Was the proposal to liberalize the nation’s cannabis laws nothing more than an elaborate ruse to appease the country’s legalization advocates?
A proposal made by the president of Mexico to liberalize the nation’s cannabis laws may have been nothing more than an elaborate ruse to appease the country’s legalization advocates, according to activists and media outlets studying the issue.
As recently as a year ago, President Enrique Pena Nieto was opposed to the liberalization of the nation’s cannabis laws. He signaled that he was open to changing them in the wake of a supreme court ruling last November, which granted permission to four individuals to use recreational cannabis and could possibly have opened the door to unalterable legal changes.

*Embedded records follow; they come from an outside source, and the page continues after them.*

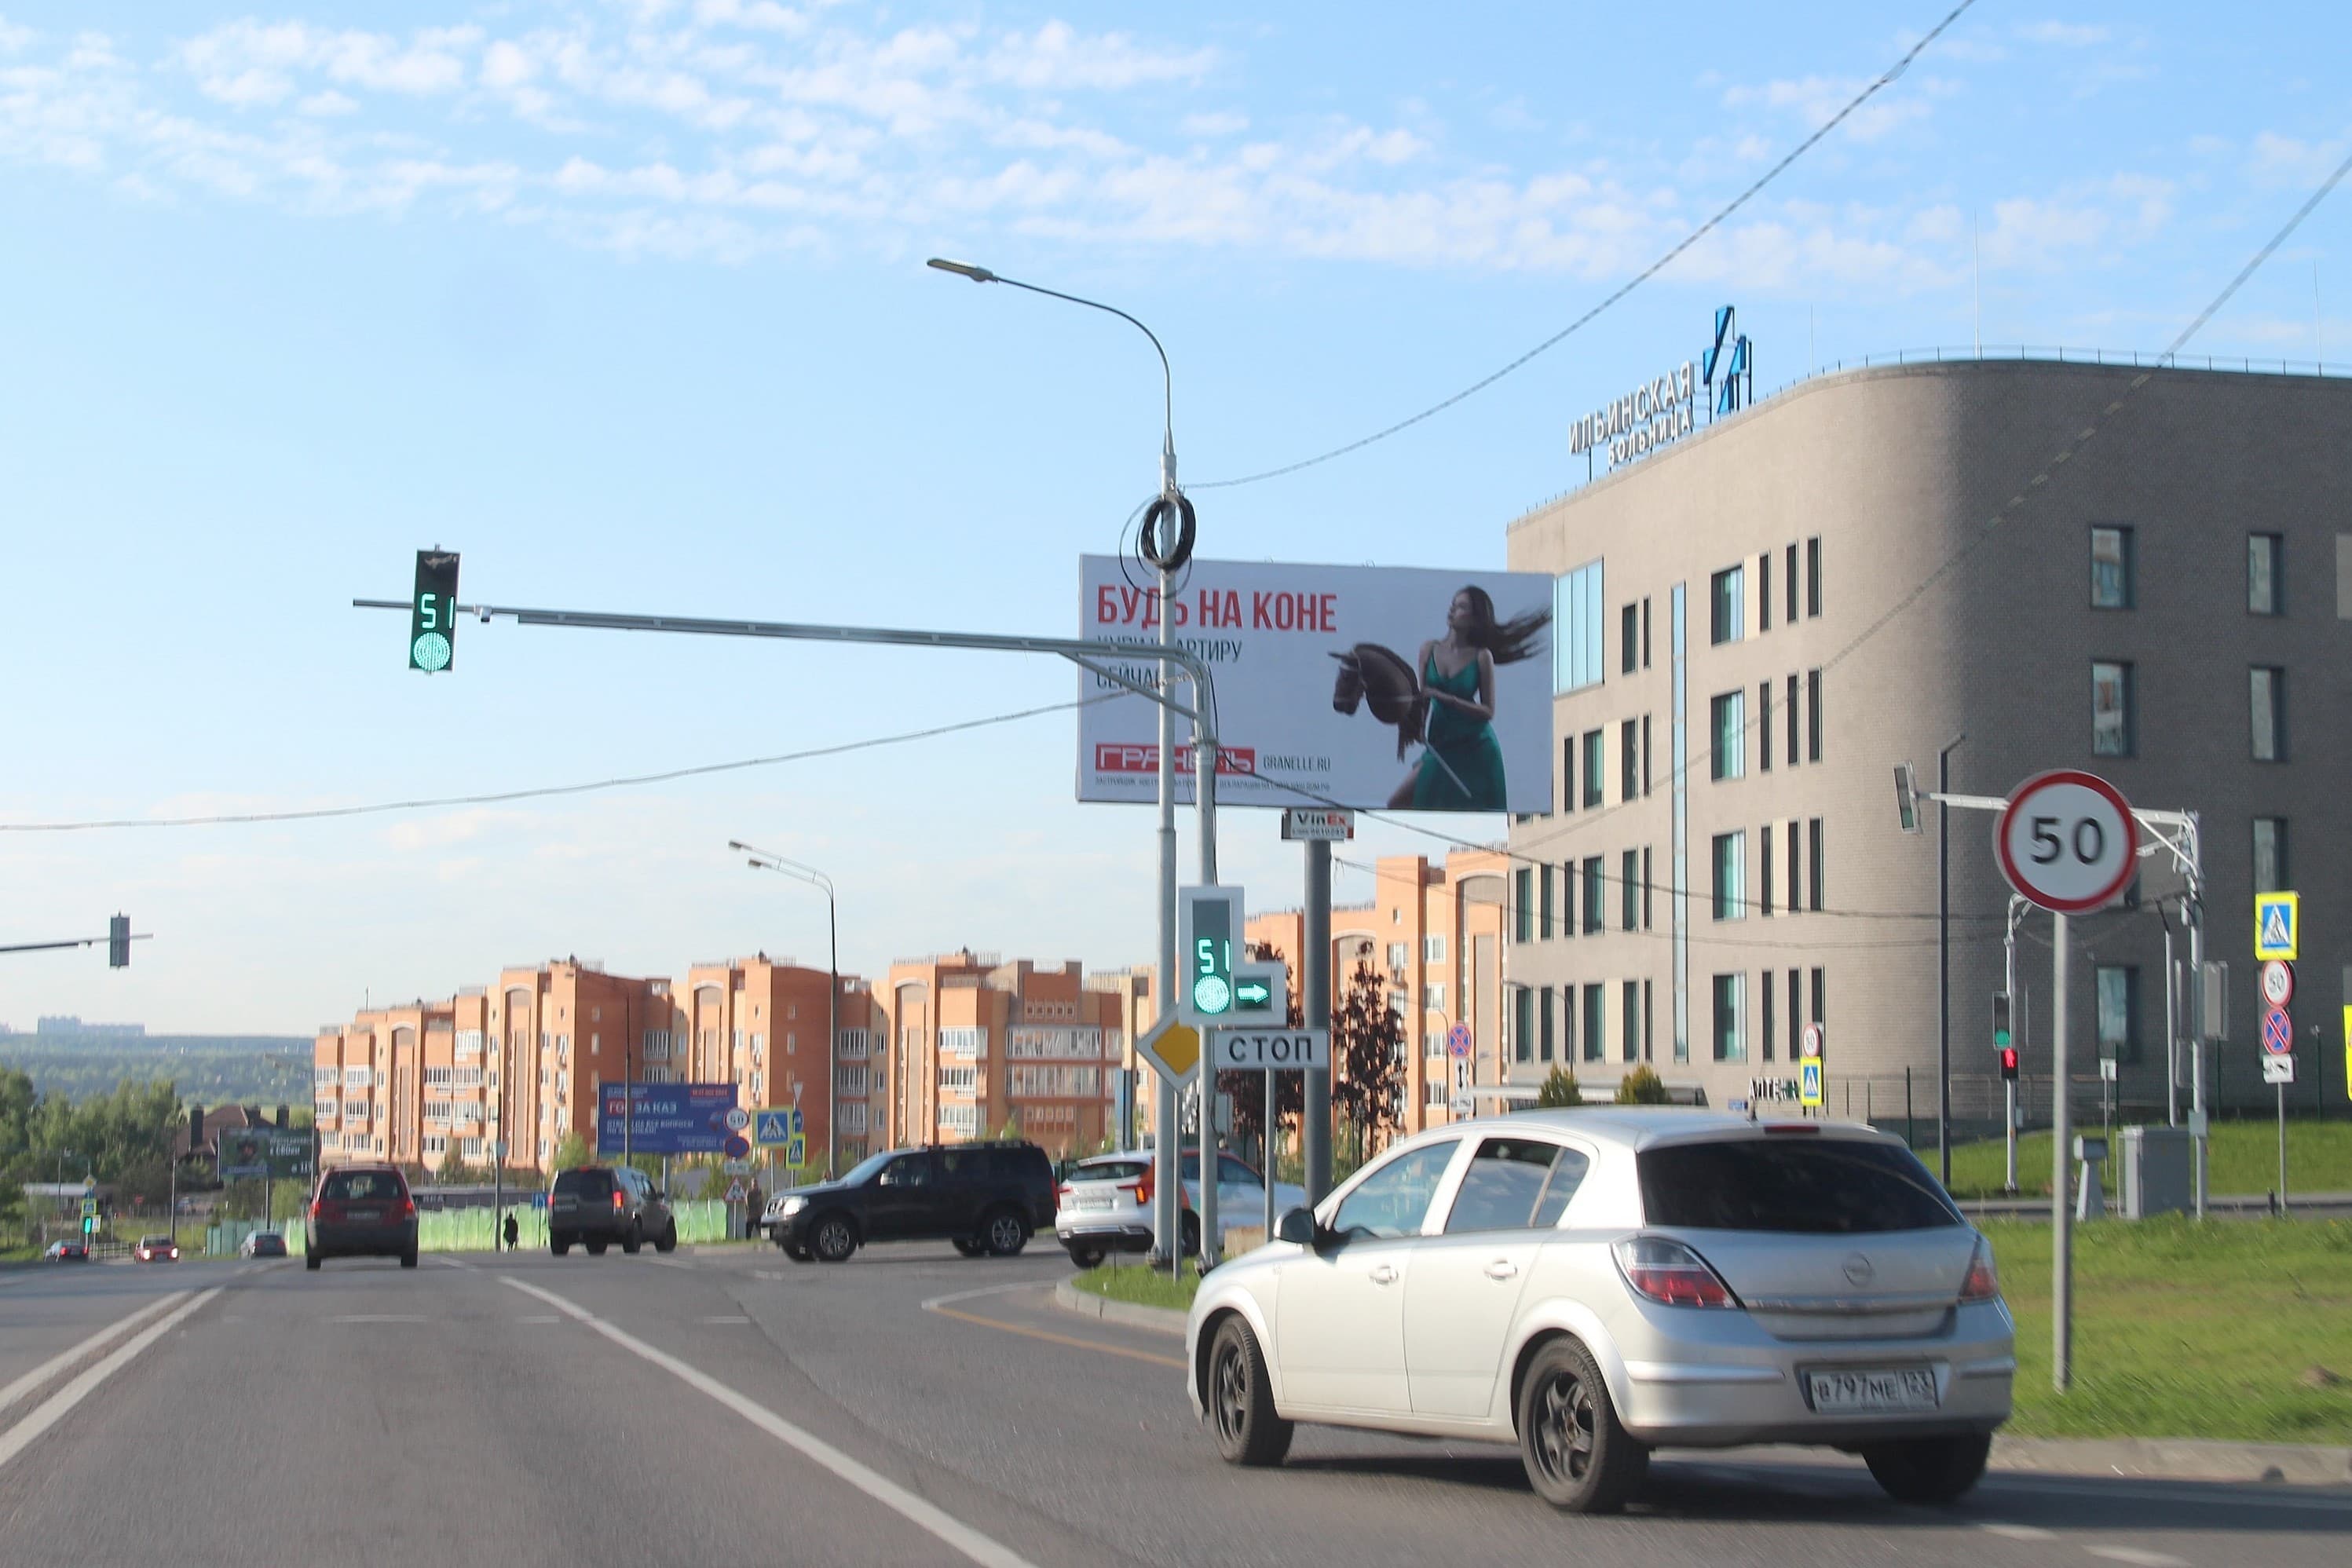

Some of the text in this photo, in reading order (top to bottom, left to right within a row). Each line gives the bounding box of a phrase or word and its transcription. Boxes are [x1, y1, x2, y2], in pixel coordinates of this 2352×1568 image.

[1569, 359, 1695, 454] ИЛЬИНСКАЯ
[1608, 405, 1691, 467] БОЛЬНИЦА
[1199, 588, 1242, 628] НА
[1253, 590, 1337, 632] КОНЕ
[1263, 754, 1331, 772] GRANELLE.RU
[1297, 812, 1346, 826] VinEx
[2030, 817, 2104, 864] 50
[1228, 1036, 1312, 1061] СТОП

Then, in April, Nieto sent a bill to the country’s Congress that sought to alter the country’s attitude towards cannabis. The bill, among other things, sought to increase the amount of cannabis that the country’s citizens could legally carry — from five grams to 28 grams — as well as allow for the use of legal medical cannabis.
Nieto painted the country’s drug experience in stark terms, telling of its experience in combating the nation’s drug cartels:
We Mexicans know all about the range and defects of the prohibitionist approach and the war on drugs of the last 40 years…Our country has suffered like few others from the effects of organized crime linked to drug trafficking.
He went on to praise the world’s evolving attitudes towards cannabis and drug policy in general.
Fortunately, a new consensus is gradually emerging worldwide in favour of reforming drug policies. A growing number of countries are strenuously combating criminals, but instead of criminalising consumers, they offer them alternatives and opportunities.
Despite showing signs of promise, however, the measure has been shelved for consideration by the Senate until September at the earliest.
The postponement of the bill was precipitated by members of the president’s Institutional Revolutionary Party (PRI) altering the measure so as to favor a monopoly on the country’s medical cannabis market by major pharmaceutical companies. This led to the senate’s pro-legalization advocates to withdraw their support for the bill.
According to drug activist and policy expert Lisa Sanchez, the shelving of the bill casts doubt on whether Nieto was ever a serious advocate for the measure in the first place.
It looks like he never really wanted it… It’s either that, or the PRI now considers that Pena is a liability and his opinion is worth nothing from now until the next presidential elections in 2018.